BusinessDay
Nigeria's leading finance and market intelligence news report.

Nigeria’s Q4 2019 budget implementation report shows persistent revenue shortfalls

0

The consolidated budget report from Nigeria’s Budget Office of the Federation for the three months ending December 2019 shows a combined oil and non-oil revenue shortfall of N1.67 trillion and an annual deficit of N2.26 trillion.
According to the Budget Office, the implementation of the budget in the 2019 fiscal year was affected by the poor revenue outturn as oil production and exports remained below the Budget estimates, while the low growth of the economy continued to limit non-oil revenue receipt.

Oil revenues were impacted by the trade tension between China and the United States of America, and the implementation of the Organisation of Petroleum Exporting Countries’ (OPEC) agreement to cut crude oil production to shore up falling oil prices. Domestic crude oil production lagged at an average of 2.02 million barrels per day in 2019 and 1.90mbd in the fourth quarter (Q4) of 2019, below 2.30mbpd projected in the budget.

The price of crude oil at the international market averaged $60.50 per barrel in Q4 2019, a yearly average of $63.62 per barrel and an increase of $3.62 per barrel (6.03%) above the $60 per barrel crude oil price benchmark set for the 2019 Budget.

Read also: World Bank to decide on Nigeria $1.5bn budget support August 6

“Nigeria’s 2019 budget performance shows that oil and gas is decreasing as a percentage of total budget revenue. This is down from about 65 percent to about 50 percent. This was due to higher costs and lower revenues from operators and ancillary services in the oil and gas sector,” Austin Avuru, CEO, Seplat Petroleum plc, said at BusinessDay Digital Dialogues Series in June.

Gross oil revenues were N4.60 trillion in 2019, translating to N4.72 trillion (50.63%) and N941.13 billion (16.97%) shortfall below the annual budget and N5.55 trillion generated in the corresponding period of 2018, according to the Budget Office, but slightly higher than N4.1 trillion in 2017.
Meanwhile, Nigeria’s projected revenue from oil sales in the 2020 budget may come under threats if the country’s crude production level continues in its current downward trend.

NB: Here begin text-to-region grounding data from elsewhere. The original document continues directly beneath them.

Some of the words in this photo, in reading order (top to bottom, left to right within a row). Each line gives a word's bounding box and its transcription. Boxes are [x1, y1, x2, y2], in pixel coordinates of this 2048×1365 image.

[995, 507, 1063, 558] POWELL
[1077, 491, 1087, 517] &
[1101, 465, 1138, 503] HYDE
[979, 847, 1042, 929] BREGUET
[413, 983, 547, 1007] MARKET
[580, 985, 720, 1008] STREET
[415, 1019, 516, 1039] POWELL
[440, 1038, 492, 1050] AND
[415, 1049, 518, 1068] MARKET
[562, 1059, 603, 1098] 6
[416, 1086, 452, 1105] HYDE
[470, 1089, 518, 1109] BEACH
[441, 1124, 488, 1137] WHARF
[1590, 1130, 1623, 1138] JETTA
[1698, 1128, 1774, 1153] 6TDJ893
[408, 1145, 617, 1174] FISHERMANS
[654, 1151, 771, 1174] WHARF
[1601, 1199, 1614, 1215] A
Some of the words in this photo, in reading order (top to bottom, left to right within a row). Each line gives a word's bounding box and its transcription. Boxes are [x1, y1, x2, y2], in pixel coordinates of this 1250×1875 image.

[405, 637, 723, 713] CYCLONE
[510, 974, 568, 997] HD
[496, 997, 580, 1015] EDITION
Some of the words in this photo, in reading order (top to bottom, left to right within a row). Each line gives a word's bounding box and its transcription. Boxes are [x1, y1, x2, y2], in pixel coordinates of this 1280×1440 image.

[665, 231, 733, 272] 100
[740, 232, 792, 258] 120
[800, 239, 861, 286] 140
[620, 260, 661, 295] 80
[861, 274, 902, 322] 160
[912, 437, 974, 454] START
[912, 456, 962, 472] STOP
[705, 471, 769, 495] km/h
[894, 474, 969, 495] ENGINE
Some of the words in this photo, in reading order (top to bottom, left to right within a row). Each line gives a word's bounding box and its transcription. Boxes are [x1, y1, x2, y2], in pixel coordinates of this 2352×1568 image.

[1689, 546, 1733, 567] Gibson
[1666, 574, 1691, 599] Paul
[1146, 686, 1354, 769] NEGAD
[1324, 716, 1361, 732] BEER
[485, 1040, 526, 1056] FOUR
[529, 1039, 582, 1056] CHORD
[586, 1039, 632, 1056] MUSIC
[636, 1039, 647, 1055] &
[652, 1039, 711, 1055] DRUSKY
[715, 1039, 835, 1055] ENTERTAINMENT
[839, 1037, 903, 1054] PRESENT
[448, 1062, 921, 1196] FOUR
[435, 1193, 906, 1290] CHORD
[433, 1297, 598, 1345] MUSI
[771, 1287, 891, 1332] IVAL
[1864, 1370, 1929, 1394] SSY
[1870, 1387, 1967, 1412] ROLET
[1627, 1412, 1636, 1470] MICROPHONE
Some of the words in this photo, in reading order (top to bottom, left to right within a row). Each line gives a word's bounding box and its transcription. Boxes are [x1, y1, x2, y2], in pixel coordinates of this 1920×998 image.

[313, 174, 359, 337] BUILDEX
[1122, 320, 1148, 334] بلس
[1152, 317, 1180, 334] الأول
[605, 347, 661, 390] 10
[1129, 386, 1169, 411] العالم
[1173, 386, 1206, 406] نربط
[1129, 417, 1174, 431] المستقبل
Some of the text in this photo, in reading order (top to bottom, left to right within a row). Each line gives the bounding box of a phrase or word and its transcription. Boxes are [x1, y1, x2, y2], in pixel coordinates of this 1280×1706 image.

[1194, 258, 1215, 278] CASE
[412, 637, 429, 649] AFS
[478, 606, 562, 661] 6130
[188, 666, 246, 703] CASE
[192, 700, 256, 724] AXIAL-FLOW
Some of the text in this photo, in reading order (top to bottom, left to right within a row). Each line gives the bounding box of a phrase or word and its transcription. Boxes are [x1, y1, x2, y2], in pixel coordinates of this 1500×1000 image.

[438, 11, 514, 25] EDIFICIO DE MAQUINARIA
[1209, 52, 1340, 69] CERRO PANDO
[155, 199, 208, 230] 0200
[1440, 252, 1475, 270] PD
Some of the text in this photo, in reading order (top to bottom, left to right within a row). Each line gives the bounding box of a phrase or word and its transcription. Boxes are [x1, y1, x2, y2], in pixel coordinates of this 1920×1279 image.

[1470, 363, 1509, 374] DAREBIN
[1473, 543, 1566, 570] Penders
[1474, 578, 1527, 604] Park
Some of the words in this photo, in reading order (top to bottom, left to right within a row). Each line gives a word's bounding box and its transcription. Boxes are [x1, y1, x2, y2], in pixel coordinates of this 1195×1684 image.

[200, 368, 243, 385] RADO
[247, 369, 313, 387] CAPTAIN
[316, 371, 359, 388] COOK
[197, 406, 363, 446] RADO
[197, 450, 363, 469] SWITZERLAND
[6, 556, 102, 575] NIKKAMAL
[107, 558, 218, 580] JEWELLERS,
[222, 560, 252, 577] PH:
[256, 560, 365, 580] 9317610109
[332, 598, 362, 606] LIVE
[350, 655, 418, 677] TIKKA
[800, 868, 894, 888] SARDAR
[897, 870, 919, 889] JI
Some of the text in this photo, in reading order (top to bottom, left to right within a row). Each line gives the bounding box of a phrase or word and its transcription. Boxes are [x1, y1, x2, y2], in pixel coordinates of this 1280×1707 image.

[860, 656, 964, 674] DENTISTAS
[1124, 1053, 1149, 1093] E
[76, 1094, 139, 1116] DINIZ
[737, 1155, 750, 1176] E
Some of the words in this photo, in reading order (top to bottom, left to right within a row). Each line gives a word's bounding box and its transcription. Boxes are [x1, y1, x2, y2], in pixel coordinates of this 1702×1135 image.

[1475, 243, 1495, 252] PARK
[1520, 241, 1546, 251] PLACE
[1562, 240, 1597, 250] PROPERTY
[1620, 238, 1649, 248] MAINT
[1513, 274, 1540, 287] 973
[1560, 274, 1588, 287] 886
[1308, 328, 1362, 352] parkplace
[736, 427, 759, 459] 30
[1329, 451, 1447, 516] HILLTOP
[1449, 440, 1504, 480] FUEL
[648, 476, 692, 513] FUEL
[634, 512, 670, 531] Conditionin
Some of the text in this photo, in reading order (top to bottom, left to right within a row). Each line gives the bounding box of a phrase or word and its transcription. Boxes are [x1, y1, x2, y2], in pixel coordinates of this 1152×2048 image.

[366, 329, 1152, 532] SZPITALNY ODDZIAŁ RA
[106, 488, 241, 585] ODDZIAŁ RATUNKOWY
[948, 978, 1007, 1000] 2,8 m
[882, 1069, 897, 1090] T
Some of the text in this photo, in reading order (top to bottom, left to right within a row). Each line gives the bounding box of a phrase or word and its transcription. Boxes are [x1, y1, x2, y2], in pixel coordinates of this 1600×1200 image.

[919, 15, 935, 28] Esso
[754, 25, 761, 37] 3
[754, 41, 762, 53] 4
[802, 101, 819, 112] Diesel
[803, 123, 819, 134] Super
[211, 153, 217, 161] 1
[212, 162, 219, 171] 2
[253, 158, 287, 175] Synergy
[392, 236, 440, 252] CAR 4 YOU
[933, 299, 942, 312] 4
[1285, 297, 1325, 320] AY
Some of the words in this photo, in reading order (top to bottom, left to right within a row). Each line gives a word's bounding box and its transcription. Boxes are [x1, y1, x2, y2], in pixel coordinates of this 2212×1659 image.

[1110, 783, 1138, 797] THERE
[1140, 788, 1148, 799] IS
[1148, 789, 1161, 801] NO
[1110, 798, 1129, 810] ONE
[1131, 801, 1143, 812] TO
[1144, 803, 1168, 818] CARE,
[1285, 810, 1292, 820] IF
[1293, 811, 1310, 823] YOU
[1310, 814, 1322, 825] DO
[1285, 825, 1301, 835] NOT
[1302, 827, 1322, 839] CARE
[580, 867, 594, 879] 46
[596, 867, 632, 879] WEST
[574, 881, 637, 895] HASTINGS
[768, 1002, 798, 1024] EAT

Nigeria’s crude oil production fell for the third month in a row in December 2019 to a new low of 1.5mbpd, against a target production level of 2.18mbpd at $57 per barrel, used in the budget.
In the 2020 budget, the government projected about N3.73 trillion as oil revenues out of total revenue of N8.1 trillion. The country’s output declined by 95,000bpd between November and December, according to the OPEC figures.
Nigeria’s crude production in December was in line with its OPEC quota of 1.77mbpd. In the month of October, Nigeria recorded an oil production of 1.78mbpd, which decreased from 1.87mbpd in September.

“Its production decline and not restraint; we can’t do much more than that. The numbers will get worse pretty soon without new projects to compensate,” Charles Akinbobola, an energy analyst at Lagos-based Sofidam Capital said.
“Producing below the OPEC production quota and below the benchmark of 2.18mbpd is not good for Nigeria’s revenue,” Akinbobola said.
The non-oil revenues also took some nose dive in 2019. The Federal Government collected gross non-oil revenue of N3.55 trillion in 2019. This signifies a shortfall of N731.87 billion (17.10%) below the annual estimate of N4.28 trillion. Except for Customs & Excise Duties, all the other non-oil revenue items fell below their expected annual projections.

This falls in line with the trend of missing revenue targets. For instance, the N2.412 trillion federally-collected revenue in Q4 2018 was lower than the proportionate quarterly budget estimate of N3.321 trillion by 27.4 percent.
The net distributable revenue to the three tiers of government after cost deductions, therefore, stood at N6.19 trillion in 2019, representing a shortfall of N5.59 trillion (47.43%).

As revenues were falling debt service increased. Total debt service stood at N2.45 trillion in 2019. This represents an increase of N199.72 billion (8.86%) above the N2.25 trillion projected for the year.
The revenue and expenditure outturn of the Federal Government resulted in a fiscal deficit of N4.18 trillion in 2019 (2.9% of the 2019 GDP) and N1.23 trillion in the Q4 2019. The annual deficit was N2.26 trillion, 117.82 percent higher than the projected fiscal deficit of N1.91 trillion for the period.
The 2019 fiscal deficit was also higher than the N3.67 trillion recorded in 2018. The deficit was partly financed through Domestic Borrowing of N912.82 billion.